Information Collected Automatically
When users surf the GPO website or hosted Federal websites, GPO collects the following data for statistical purposes only:
- the IP address from which users access our website;
- the date and time of their visits;
- the URLs of the pages that they view;
We use these statistics to make improvements to gpo.gov, not to identify individual users or their searches. We do not enable cookies to monitor usage or to gather users' personal information.
Information Collected via Correspondence with GPO
Personal information submitted by a user in comments or questions via phone, fax, or e-mail is not distributed to parties outside of GPO. Identifying information, such as name, e-mail address, and phone or fax number, is used only for responding to users' comments or questions, and is not made available for other purposes.
Definitions
Cookies: Cookies are small pieces of information that web servers or pages store on a user's hard drive. There are two types of cookies: session cookies and persistent cookies. Both types of cookies allow internet servers to "remember" specific information about a user. Websites use them primarily to personalize their sites for individual users, to keep track of orders when users purchase products, and to target advertising toward users based on the information that they access. However, session cookies will "remember" that information for only as long as you explore a website during one "session", or visit to the website. Session cookies will not "remember" information about you when you return to the site for subsequent visits. However, persistent cookies will "remember" this information for more than one session. OMB has decided that persistent cookies should not be allowed on Government websites, except in "the most unusual of circumstances." GPO currently follows this recommendation.
Encryption: Encryption technology ensures the protection of personal information via private, secure transactions.
Security: Site security is the concept of monitoring network traffic to identify unauthorized attempts to upload or change information on GPO's servers.
In the case that suspicious activity of this sort arises, a user's personal information may be tracked to identify a possible threat. This is the only reason that GPO will ever collect personal information and/or monitor user activity without asking permission or giving prior notice.

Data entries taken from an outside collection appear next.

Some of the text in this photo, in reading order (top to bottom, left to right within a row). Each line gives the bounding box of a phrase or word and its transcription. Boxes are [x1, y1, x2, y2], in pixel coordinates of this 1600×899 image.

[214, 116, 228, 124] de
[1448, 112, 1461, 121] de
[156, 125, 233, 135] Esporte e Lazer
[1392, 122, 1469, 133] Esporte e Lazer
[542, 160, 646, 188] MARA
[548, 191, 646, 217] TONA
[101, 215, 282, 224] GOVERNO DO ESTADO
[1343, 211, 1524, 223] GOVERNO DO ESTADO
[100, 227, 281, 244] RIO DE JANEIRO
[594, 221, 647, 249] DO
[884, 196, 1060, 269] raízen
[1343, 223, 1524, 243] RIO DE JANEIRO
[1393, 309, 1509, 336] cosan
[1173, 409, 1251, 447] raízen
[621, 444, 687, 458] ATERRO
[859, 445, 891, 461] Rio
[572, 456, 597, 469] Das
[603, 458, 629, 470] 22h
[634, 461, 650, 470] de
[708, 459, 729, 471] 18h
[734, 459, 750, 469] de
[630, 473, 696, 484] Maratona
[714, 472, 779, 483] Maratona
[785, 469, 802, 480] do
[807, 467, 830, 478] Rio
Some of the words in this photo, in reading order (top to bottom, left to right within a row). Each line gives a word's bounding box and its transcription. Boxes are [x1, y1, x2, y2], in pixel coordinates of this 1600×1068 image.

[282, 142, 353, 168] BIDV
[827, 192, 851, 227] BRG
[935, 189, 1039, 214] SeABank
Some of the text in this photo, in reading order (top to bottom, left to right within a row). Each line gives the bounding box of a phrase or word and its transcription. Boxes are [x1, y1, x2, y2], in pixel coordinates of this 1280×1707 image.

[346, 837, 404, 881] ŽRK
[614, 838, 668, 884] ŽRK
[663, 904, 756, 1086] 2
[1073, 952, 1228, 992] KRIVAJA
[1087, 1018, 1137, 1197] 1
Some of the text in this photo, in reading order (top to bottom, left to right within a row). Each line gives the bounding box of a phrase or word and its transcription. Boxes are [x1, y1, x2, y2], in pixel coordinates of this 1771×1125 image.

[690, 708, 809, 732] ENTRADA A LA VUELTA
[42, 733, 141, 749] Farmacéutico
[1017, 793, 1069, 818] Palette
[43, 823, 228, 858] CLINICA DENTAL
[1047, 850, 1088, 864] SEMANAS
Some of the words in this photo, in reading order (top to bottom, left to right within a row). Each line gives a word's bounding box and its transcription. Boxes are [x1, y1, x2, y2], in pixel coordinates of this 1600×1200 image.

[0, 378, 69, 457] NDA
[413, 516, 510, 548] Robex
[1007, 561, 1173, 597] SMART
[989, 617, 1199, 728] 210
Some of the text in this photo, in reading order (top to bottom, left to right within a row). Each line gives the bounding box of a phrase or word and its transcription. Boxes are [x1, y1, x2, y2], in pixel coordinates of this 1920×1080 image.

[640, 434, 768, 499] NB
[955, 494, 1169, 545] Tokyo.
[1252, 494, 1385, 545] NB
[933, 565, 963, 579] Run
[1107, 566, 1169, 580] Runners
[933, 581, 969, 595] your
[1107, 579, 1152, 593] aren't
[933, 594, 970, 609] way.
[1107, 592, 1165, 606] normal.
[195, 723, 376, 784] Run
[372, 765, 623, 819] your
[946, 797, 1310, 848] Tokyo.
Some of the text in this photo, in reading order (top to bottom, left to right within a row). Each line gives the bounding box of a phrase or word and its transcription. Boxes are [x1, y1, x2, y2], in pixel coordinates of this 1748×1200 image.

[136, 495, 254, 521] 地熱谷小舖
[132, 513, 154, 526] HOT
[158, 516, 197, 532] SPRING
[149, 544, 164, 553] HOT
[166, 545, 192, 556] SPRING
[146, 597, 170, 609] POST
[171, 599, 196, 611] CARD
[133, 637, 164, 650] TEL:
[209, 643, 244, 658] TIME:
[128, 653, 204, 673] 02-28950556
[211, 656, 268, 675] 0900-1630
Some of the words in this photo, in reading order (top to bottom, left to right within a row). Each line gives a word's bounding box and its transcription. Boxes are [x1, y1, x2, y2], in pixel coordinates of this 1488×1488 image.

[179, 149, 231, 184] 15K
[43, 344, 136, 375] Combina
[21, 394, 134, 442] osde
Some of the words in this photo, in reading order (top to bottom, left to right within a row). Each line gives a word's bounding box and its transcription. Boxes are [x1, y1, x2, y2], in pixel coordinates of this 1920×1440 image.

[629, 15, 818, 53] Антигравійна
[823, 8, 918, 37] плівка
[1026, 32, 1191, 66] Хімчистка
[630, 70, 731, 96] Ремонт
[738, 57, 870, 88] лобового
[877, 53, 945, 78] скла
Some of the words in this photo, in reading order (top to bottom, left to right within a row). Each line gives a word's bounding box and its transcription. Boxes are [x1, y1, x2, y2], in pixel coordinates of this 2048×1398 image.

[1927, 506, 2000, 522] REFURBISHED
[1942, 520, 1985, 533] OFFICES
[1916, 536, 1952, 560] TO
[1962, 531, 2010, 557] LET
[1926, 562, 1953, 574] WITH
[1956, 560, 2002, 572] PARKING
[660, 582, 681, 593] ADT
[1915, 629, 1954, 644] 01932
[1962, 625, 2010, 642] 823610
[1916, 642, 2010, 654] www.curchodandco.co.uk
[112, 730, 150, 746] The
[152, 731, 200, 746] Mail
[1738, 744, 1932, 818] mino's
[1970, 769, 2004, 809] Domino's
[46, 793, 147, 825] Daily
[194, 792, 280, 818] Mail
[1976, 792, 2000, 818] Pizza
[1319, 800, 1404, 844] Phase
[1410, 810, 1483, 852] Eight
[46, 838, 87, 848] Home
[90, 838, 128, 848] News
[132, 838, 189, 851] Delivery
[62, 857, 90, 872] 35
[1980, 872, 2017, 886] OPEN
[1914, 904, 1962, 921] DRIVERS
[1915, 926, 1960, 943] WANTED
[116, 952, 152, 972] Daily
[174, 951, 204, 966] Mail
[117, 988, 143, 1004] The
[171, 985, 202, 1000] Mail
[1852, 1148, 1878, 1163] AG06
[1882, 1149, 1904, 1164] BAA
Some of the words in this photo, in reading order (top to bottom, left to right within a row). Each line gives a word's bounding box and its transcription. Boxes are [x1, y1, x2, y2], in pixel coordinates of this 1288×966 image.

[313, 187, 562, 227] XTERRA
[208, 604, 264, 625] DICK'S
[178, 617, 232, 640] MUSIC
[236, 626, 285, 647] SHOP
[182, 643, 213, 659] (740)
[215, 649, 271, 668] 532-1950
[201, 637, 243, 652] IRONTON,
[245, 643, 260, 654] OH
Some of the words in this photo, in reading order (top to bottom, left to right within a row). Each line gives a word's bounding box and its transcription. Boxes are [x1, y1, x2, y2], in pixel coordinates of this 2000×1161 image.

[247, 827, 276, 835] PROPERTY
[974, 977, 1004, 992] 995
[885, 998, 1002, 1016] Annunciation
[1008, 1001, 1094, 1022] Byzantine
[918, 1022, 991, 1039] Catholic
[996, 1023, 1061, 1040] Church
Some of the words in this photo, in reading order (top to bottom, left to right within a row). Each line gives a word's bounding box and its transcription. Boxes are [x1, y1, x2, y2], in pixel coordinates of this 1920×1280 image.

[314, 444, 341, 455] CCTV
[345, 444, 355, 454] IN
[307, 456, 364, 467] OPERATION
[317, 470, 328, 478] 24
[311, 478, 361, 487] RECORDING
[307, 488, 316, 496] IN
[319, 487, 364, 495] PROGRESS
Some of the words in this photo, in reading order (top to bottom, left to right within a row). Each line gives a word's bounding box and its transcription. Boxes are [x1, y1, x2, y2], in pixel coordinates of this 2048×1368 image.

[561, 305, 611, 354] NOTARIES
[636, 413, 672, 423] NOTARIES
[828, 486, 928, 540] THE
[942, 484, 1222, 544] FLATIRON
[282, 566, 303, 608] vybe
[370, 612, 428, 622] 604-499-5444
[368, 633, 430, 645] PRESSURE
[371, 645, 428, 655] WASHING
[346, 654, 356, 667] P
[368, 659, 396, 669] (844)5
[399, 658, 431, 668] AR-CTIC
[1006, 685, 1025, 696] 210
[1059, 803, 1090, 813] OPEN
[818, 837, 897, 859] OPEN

Note: To assist users in finding official Government information, we provide links to other websites. Once users have left gpo.gov and entered another site, they are subject to the policies and legal notices on that site.
Copyright Status Notice
Unless specifically stated otherwise, all information on the U. S. Government Publishing Office (GPO) website is in the public domain, and may be reproduced, published or otherwise used without GPO's permission.
Some photographs in major banners and navigation headings are commercially licensed and cannot be reproduced, published or otherwise used.